The Modelmaker’s Handbook
By: Albert Jackson and David Day
Publisher: Pelham Books, 1981
Translations:
Dutch: Handboek Modelbouw (Kluwer, 1981)
German: Das große Ravensburger Modellbau Handbuch (Otto Maier Verlag, 1983)
Norwegian: Teknologisk forlags store bok om Modellbygging (Teknologisk Forlag, 1981)

This is a book that covers pretty much all aspects of scale modelling: it explains not just the skills needed to build and paint plastic models, but also fairly extensively describes how to scratchbuild from wood, metal and even fibreglass, plus it describes static modelling (of vehicles, aircraft, ships, figures, dioramas and more) as well as model railroads and remote-controlled planes, ships and cars.

It’s probably the best all-round modelling book I own, which is why I start with it :smiling3: Sure, some of the techniques are old-fashioned, but because much of what it describes are basic techniques and skills, it’s hard to find things in it that are absolutely pointless to do today. It also explains it all in a clear, concise but still pretty thorough manner, so that even if it doesn’t always go into as much depth as you might like, it still gives a very good basis for discovering the rest on your own. It also has plenty of good example models, including ones that seem specifically built for the book in order to illustrate and explain the methods and techniques used.

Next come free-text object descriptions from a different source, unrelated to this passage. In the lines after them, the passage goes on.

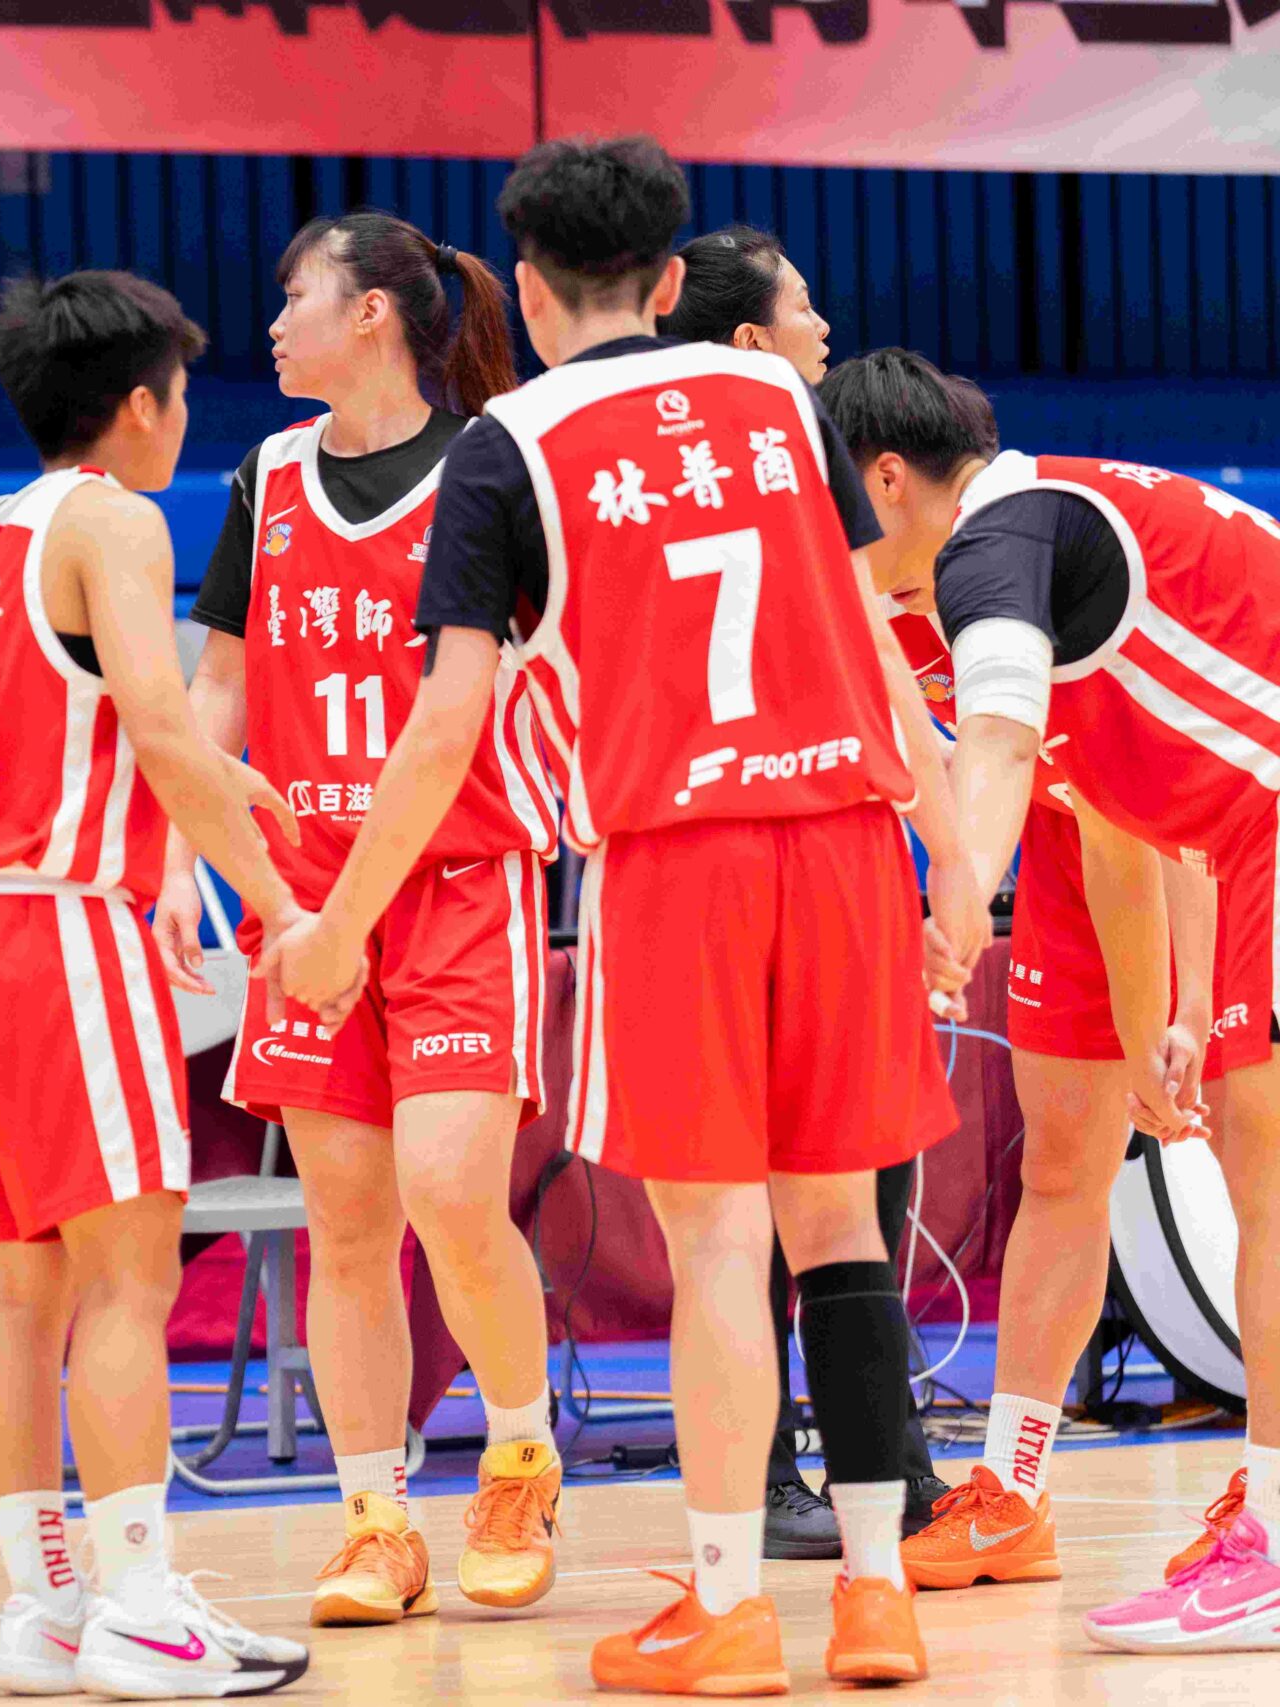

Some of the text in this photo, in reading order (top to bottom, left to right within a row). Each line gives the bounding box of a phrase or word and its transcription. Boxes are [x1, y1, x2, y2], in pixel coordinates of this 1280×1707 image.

[663, 526, 763, 725] 7
[314, 672, 387, 759] 11
[741, 736, 862, 786] FOOTER
[266, 1043, 333, 1065] Momentum
[412, 1032, 493, 1061] FOOTER
[1013, 1415, 1051, 1489] NTNU

The main thing it doesn’t really cover is resin parts, likely because these were uncommon at the time — commercially available resin kits and accessory sets only really started to take off in the 1980s.

I may be a little biased because it was one of my favourite modelling books 35 years or so ago when I was given it (my copy has a well-used appearance by now :smiling3:) but I would highly recommend buying this if you happen to come across it.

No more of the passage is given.